Gray Shuko est un ancien du forum CFSL. Il revient avec nous sur sa carrière, à l’occasion du lancement de sa première campagne Kickstarter pour son projet Fruity Frags, une BD avec des fruits qui se foutent sur la gueule, en gros. Si vous avez déjà entendu parler de Gray Shuko, vous savez que la qualité de son dessin est complètement incroyable, et sinon, on vous invite à le découvrir ! Il a également contribué aux éditions CFSL Ink à plusieurs reprises, il a travaillé chez Ankama et dernièrement sur les comics Overwatch de Blizzard Entertainment. Accrochez-vous à vos yeux !
Comment êtes-vous devenu illustrateur ?
J’ai toujours aimé dessiner, je faisais pas mal de croquis divers et de petites BD étant jeune, je voulais en faire mon métier donc ça tombe plutôt bien :D
Pour en arriver là, quel a été votre parcours ?
Je dessinais pendant mes temps libres (et un peu pendant les cours), ensuite je suis allé dans un lycée proposant une option arts plastiques pour 1 ou 2 heures par semaine, ensuite j’ai eu un BAC S et pu rentrer dans une école d’art privée (Emile Cohl à Lyon) où je suis resté 4 ans jusqu’au diplôme. L’enseignement y était plutôt intéressant au début, très académique, ensuite on fait ce qu’on fait depuis le début: progresser en s’inspirant des autres.
Quelles sont vos inspirations ?
A l’époque elles étaient principalement japonaises et américaines: les animés, les comics, et les jeux vidéos, j’adorais Dragon Ball Z, Olive et Tom, les X-Men, j’achetais pas mal de comics dans les bureaux de tabac.
Un peu plus tard je suis devenu aussi très fan de Metal Gear Solid, notamment de Gray Fox qui est mon personnage fictif préféré.
Aujourd’hui, avec la culture geek, Internet et tous les artistes qui eux-mêmes se sont inspirés des mêmes chose que moi, il y a énormément de choses à apprécier, venant de pays plus variés.
Avez vous un mentor ?
Pas vraiment, je dirais plutôt des inspirations maîtresses, ce serait Akira Toriyama (Dragon Ball), Yoji Shinkawa (MGS, ZOE) et Joe Madureira.
Quels sont vos outils au quotidien ?
Je dessine toujours sur papier, avec un crayon à papier. J’avais l’habitude de redétailler avec un porte-mines mais maintenant ça passe directement au scanner pour continuer avec les couleurs sur PC.
Vous pouvez me parler un peu de votre processus créatif ?

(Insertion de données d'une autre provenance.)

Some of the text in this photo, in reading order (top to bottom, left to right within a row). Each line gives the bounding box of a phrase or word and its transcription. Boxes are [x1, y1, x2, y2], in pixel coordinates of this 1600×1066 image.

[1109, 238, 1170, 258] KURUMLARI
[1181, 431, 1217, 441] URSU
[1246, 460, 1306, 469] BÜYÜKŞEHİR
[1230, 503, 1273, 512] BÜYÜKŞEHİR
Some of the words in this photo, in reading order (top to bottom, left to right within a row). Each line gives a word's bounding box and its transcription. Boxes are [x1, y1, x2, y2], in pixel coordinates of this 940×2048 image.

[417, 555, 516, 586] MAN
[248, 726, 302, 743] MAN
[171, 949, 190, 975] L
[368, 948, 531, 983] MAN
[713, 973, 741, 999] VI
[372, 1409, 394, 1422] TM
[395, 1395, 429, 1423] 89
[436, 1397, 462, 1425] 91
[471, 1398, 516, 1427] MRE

Oui, j’aime bien découper les choses par étape. Pour une illustration ou une page de BD, je vais commencer par la dessiner en tout petit, pour mettre en place tous les éléments et ne pas pouvoir aller plus loin dans le détail. Ensuite je dessine au format final, qui ne dépasse jamais A4 sinon je commence à faire de belles fautes de proportions, ensuite je scanne et je corrige quelque peu le crayonné sur PC avant de commencer les couleurs, qui sont composées de 3 groupes principaux: les couleurs de base (qui me permettent aussi de sélectionner les éléments que je veux travailler), la lumière soustractive (le shading) et la lumière additive (les reflets et FX). J’aime bien séparer clairement ces groupes pour 2 raisons:
-simuler grossièrement la réalité lumineuse et pouvoir faire varier sans limite des éclairages sur des couleurs de base invariables (ce qui est pratique notamment en BD)
-pouvoir chercher et trouver, en modifiant les couleurs et intensités des lumières, les couleurs du résultat final qui me plaisent le plus, sans pour autant que je connaisse précisément ces couleurs (à l’inverse d’un peintre traditionnel qui sait exactement quelle couleur il applique).

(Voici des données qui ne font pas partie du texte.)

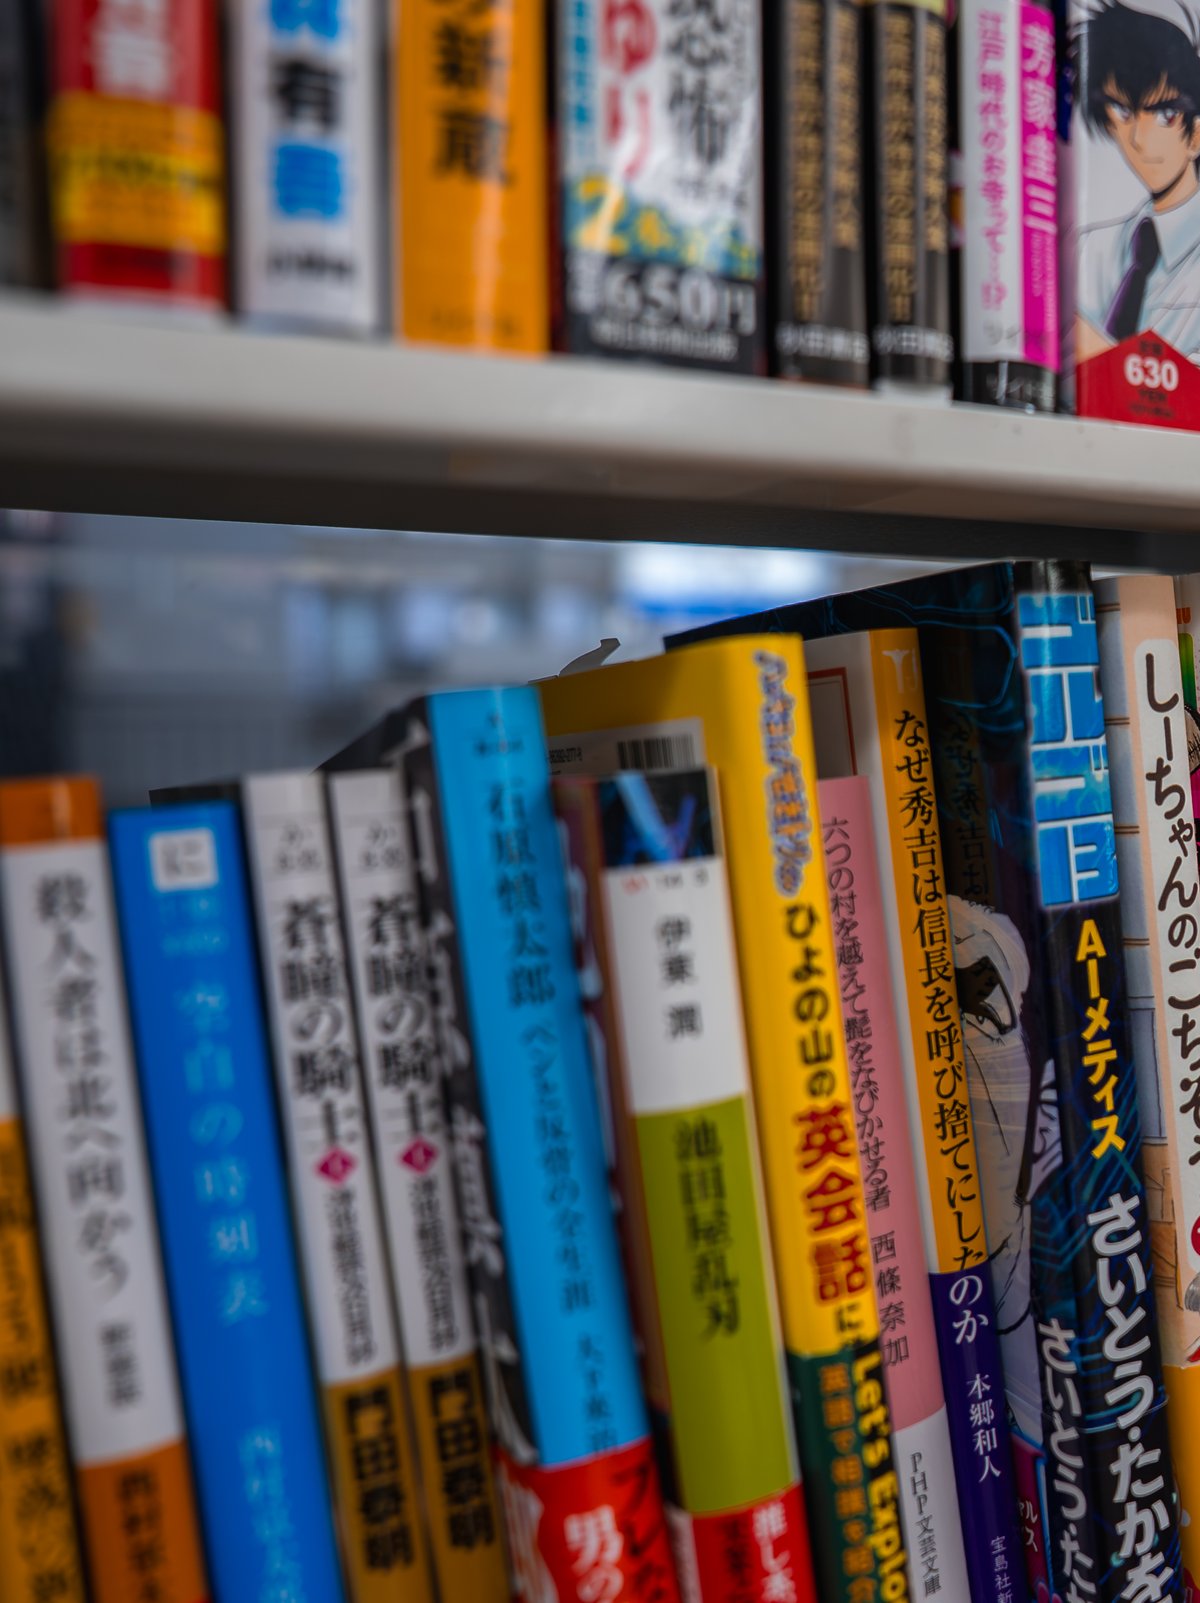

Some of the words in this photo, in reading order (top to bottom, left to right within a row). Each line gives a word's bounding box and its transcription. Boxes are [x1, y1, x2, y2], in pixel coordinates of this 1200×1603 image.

Vos domaines de travail sont extrêmement variés. Où puisez-vous l’inspiration nécessaire à la réalisation de tous ces projets ?
L’inspiration vient de la consommation, je dirais, je joue à des jeux, regarde des films, des séries, je lis quelques BD, j’écoute de la musique, je pense que c’est la base, après c’est une question de goût, si j’aimais que les mangas, je pense que je ferais que ça. Après il y a l’envie de faire son propre truc, d’apporter quelque chose de différent en plus de la base commune, c’est sans doute lié à une certaine insatisfaction aussi.

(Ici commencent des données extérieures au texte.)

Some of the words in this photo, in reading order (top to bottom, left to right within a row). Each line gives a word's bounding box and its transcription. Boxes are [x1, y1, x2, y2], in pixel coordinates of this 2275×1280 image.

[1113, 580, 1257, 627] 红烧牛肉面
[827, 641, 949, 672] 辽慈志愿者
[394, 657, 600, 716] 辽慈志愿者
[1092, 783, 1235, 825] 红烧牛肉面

Y a-t-il un domaine auquel vous avez un attachement particulier ?
Oui c’est la BD, c’était mon objectif depuis très jeune. Les jeux vidéos, je ne m’imaginais pas vraiment travailler pour jusqu’à ce que j’arrive en école d’art, ça me semblait plus inaccessible.
Maintenant je jongle un peu entre les deux, mais c’est plus facile de trouver des contrats dans le jeu vidéo.
Ce que j’aime dans la BD, c’est pouvoir rapidement s’immerger dans le monde qu’on a crée, il suffit de quelques pages, dans le jeu vidéo il faut être beaucoup plus patient et se contenter d’affecter que quelques aspects de l’oeuvre, mais c’est aussi l’occasion d’aller plus loin que les illustrations et les lier à des idées de gameplay ou de game design un peu fun et originales.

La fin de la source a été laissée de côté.